Assim esplendidamente ataviada, Feirefiz, o angevino, a conduziu para o centro do

palácio, onde três lareiras monumentais eram alimentadas por achas do aromático

pau aloé. Agora havia quarenta tapetes e assentos a mais que na ocasião em que

Parsifal vira o Graal pela primeira vez. Os assentos, ladeando o do castelão,

destinados a Feirefiz e Anfortas, eram especialmente preciosos. Uma vez mais cada

servidor do Graal havia recebido determinado encargo que no momento da exibição

do Graal devia cumprir com zelo e dedicação.

Vós já tivestes uma minuciosa descrição do cerimonial que devia ser

cumprido a partir do momento em que o Graal fosse introduzido no recinto. Naquela

vez fora exibido diante de Anfortas, agora era exposto diante do filho de Gahmuret e

da filha de Tampenteire. As 25 virgens ingressaram sucessivamente no salão. A

primeira a entrar no esplendor de seus louros cabelos parecia belíssima aos olhos

do gentio mas a seguinte se lhe afigurava ainda mais bela no seu deslumbrante

vestido. Todas essas jovens graciosas e atraentes eram uma festa para os olhos.

Por fim apareceu Repanse de Schoye, a mais deslumbrante dessa constelação de

virgens. Conforme me foi dito o Graal consentia em ser carregado unicamente por

ela. Seu coração era dotado de imaculada pureza e sua face irradiava esplendor

peculiar.

592
Será necessário fazer uma descrição sobre a seqüência em que os

convidados eram servidos? Devo eu reproduzir a cena dos camareiros apresentando

bacias para as abluções; relatar como as mesas em número bem superior ao da

primeira vez eram instalados; expor como tudo sucedeu consoante exigiam o

costume e o bom tom; precisar quantos carrinhos trazendo os cálices de ouro eram

introduzidos? Se ademais tivesse que descrever os assentos em que os cavaleiros

se achavam instalados, acabaria contando uma longa história. Por isso prefiro

resumir tudo em poucas palavras. Respeitosamente recebeu-se do Graal assados

de carne de caça e de animais de criação; cerveja para esse, vinho para aquele -

tudo consoante o desejo de cada um. Além disso recebeu-se do Graal vinho de

amora, vinho tinto e vinho aromático. Ao se iniciar na vida da corte o filho de

Gahmuret conhecera/em Pelra-peire um estado de coisas bastante diferente.

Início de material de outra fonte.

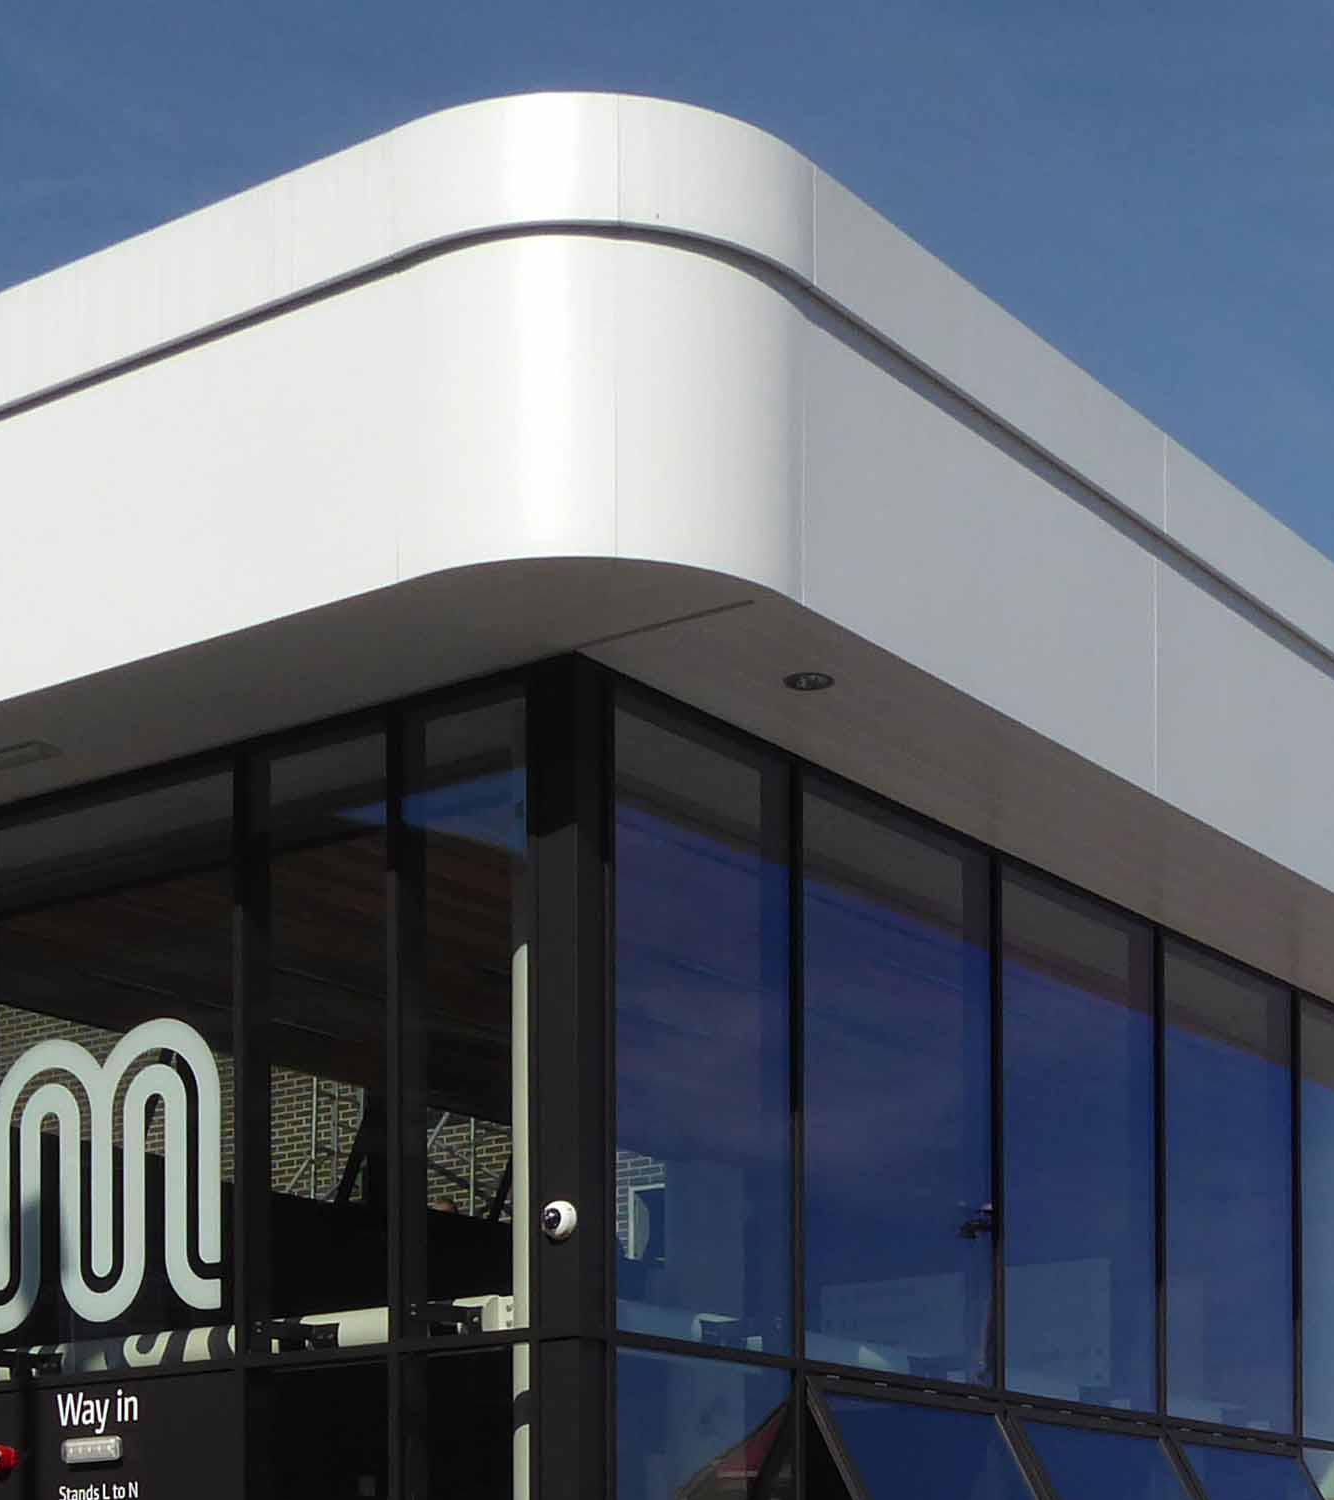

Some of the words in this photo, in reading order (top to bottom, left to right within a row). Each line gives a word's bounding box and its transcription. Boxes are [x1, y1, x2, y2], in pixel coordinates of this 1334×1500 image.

[57, 1392, 109, 1434] Way
[116, 1389, 138, 1422] in
[103, 1484, 110, 1499] L
[113, 1484, 125, 1499] to
[128, 1481, 138, 1498] N

10. FEIREFIZ E REPANSE DE SCHOYE

O gentio quis saber como era possível que o vaso de ouro diante da mesa

de banquete estivesse sempre cheio. Esse miraculoso fenômeno o impressionou

sobremodo. Anfortas, que comia ao seu lado disse-lhe então: "Senhor, acaso não

vistes o Graal que está bem à vossa frente?" O gentio alvinegro respondeu: "Vejo ali

apenas um pano de seda verde. Foi a virgem coroada postada ali à nossa frente que

o trouxe ao ingressar no recinto. Seu olhar me impressionou profundamente.

593
Considero-me de ânimo suficientemente forte para não me perturbar com a simples

visão de uma jovem ou mulher. Mas agora, sem mais nem menos, os favores das

nobres damas que conheci me parecem insípidos. Eu sei que não fica bem

importunar com meus problemas amorosos uma pessoa a quem nunca prestei favor.

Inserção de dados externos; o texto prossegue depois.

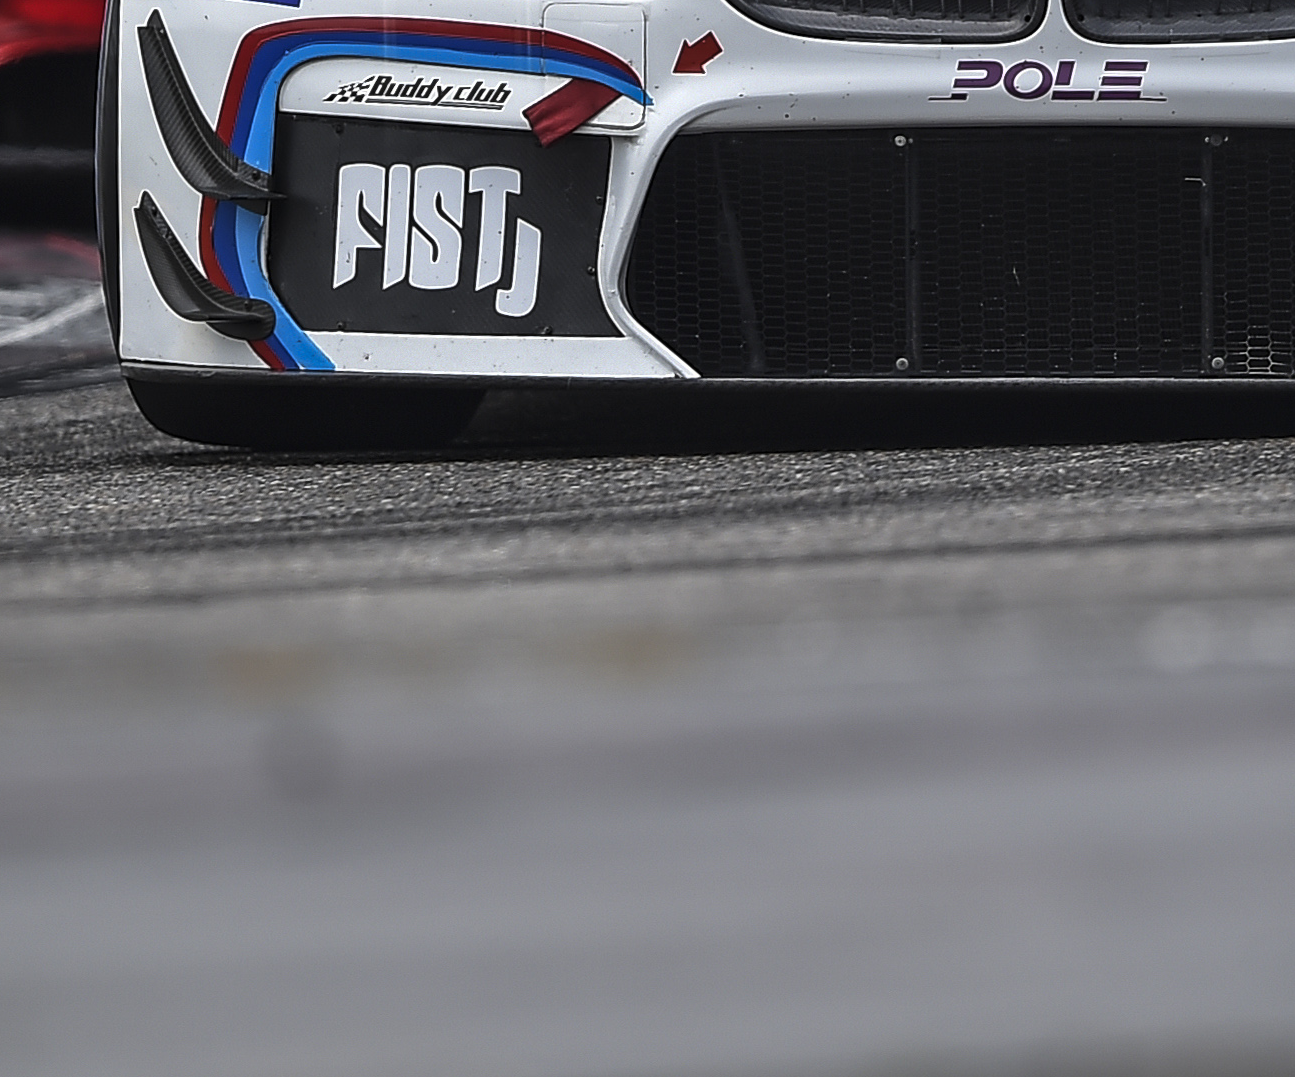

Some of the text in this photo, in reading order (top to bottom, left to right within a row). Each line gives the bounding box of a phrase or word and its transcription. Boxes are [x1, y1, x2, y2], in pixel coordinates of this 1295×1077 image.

[368, 76, 512, 106] Buddy club
[928, 60, 1167, 101] POLE
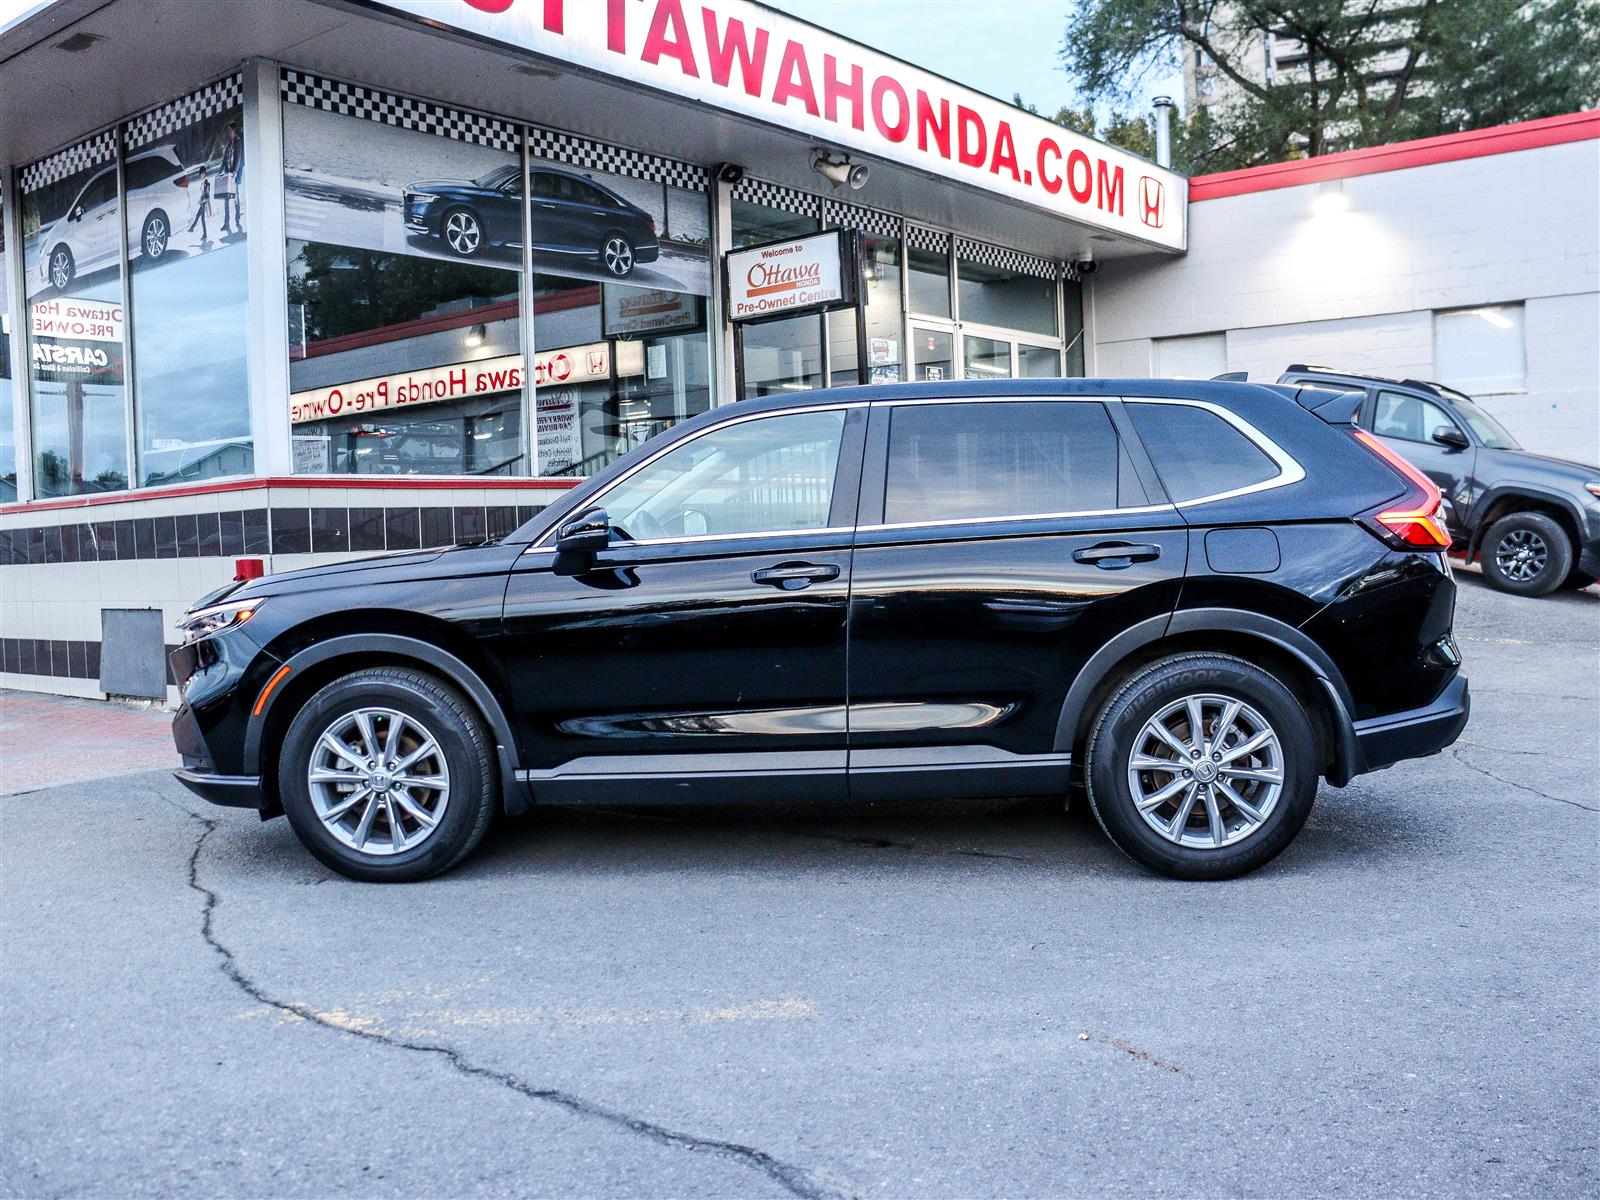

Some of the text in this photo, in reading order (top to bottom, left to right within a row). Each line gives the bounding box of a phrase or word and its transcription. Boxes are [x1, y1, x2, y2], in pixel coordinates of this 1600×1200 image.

[462, 0, 1124, 217] TAWAHONDA.COM
[761, 244, 803, 259] Welcome to
[747, 262, 820, 287] Ottawa
[796, 278, 820, 288] HONDA
[737, 288, 836, 314] Pre-Owned Centre

Que valor podem ter para mim agora meu poder, minha riqueza, meus feitos

realizados a serviço do amor cortês e meus atos de caridade se estou condenado a

uma vida de penas? Ó poderoso deus Júpiter, por que me trouxestes a este lugar,

onde o sofrimento é meu único quinhão?"

A força da paixão e as penas de amor que vinham crescendo em

intensidade fizeram com que as partes claras de seu rosto empalidecessem. Por

pouco a deslumbrante jovem comprometia a primazia de beleza da encantadora

Condwiramurs. Enquanto isso Feirefiz, o nobre forasteiro, enveredava cada vez mais

nas malhas da paixão. Sem esboçar sequer uma reação, consentiu que seu amor

por Secundille se extinguisse em seu coração. O que representavam para ele agora

o amor de Secundille e seu país Tribalibot? Uma jovem despertara no filho de

Gahmuret de Zazamanc paixão tamanha que o amor de Clauditte, Olímpia,

Secundille e outras damas (que o haviam distinguido por seus feitos e

recompensado seus serviços) se lhe afigurava agora inexpressivo.

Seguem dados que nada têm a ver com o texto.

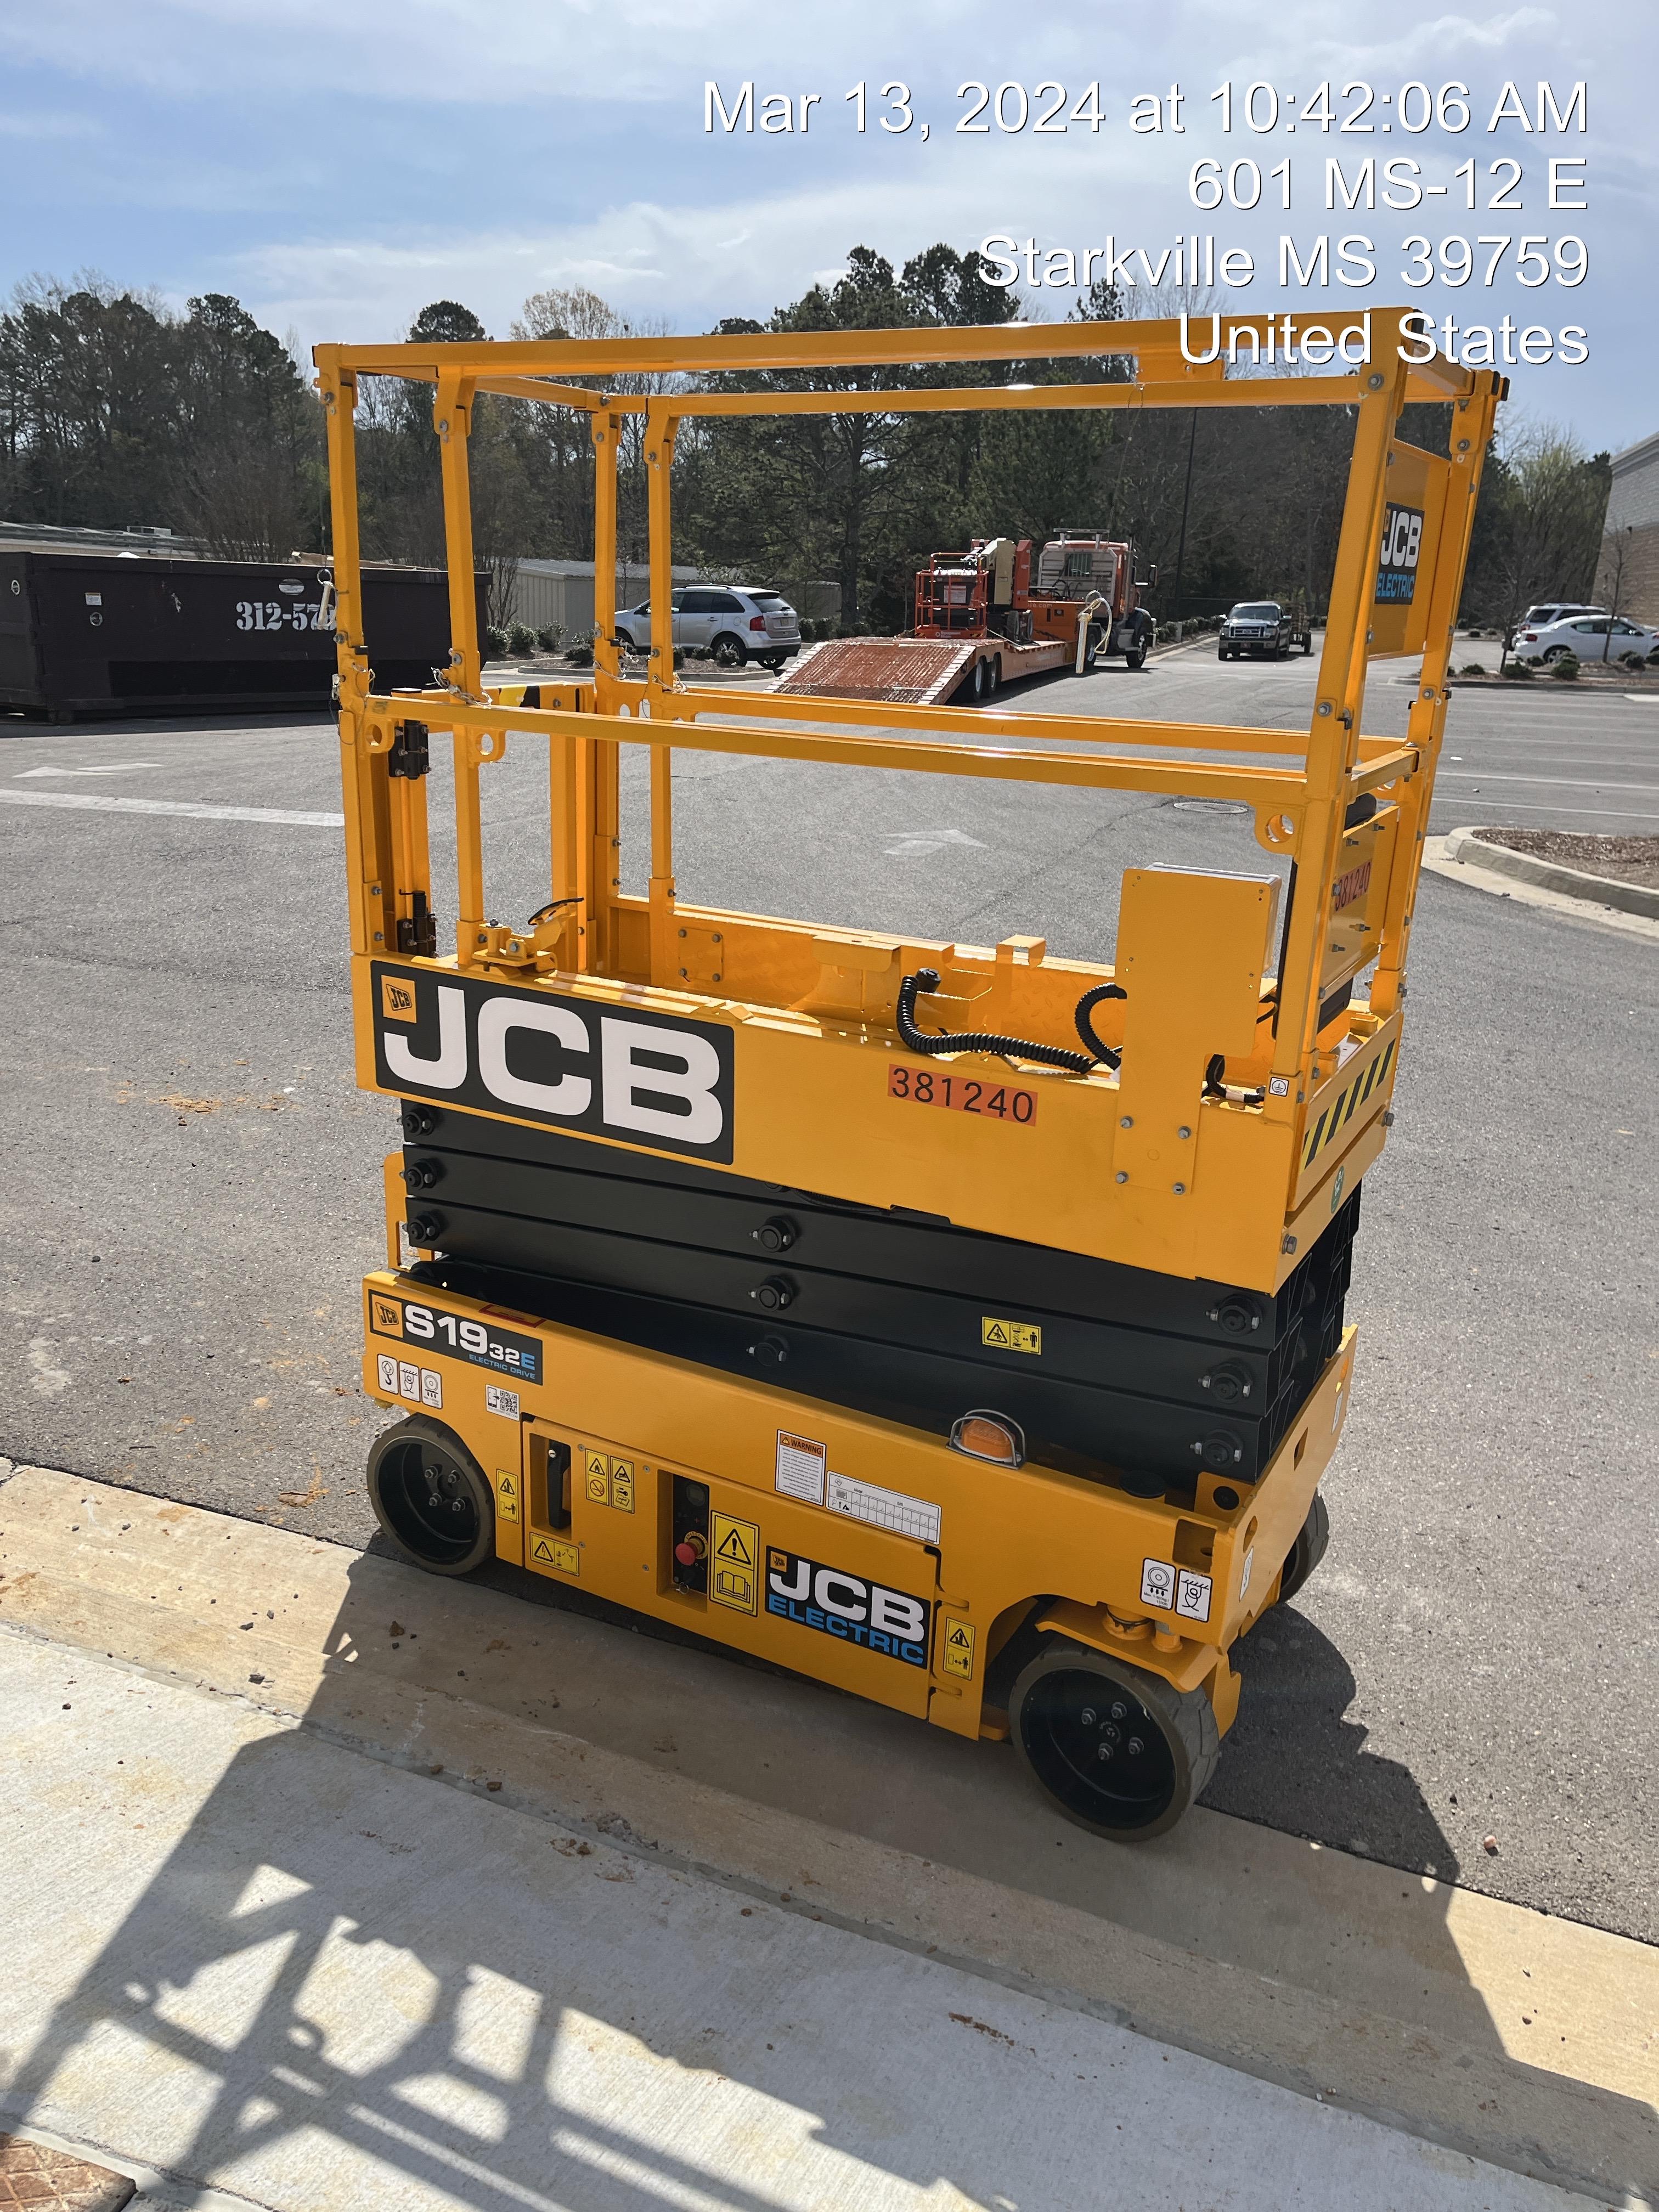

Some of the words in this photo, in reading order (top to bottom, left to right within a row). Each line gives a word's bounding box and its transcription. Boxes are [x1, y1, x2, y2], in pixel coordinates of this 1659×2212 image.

O belo Anfortas não deixou de notar a inquietação amorosa de seu

companheiro de mesa e ao ver que seu bom-humor se ensombrava e as manchas

brancas de seu rosto empalideciam, disse-lhe: "Senhor, pesa-me sobremodo o fato

de cultivardes por minha irmã um sentimento que nunca homem algum por ela

experimentou. Jamais cavaleiro algum esteve a seu serviço. Nunca alguém dela

594
recebeu recompensas por serviços prestados. Com aflita solicitude permanecera

sempre a meu lado e raras vezes alguém a viu sorrir. Até aqui atravessou uma fase

pouco favorável para realçar sua beleza. Vosso irmão, que é filho da irmã dela,

poderá dar-vos ajuda e bom conselho."

"Se a virgem coroada for vossa irmã"- exclamou Feirefiz, o angevino-

"então indicai-me a maneira pela qual possa conquistar seu afeto. Nela estão

concentrados todos os anseios do meu coração. Se todos os louros que colhi com

minha lança tivessem sido conquistados a seu serviço, poderia dela esperar alguma

recompensa. Adestrei-me nos cinco golpes de lança permitidos na arte do torneio.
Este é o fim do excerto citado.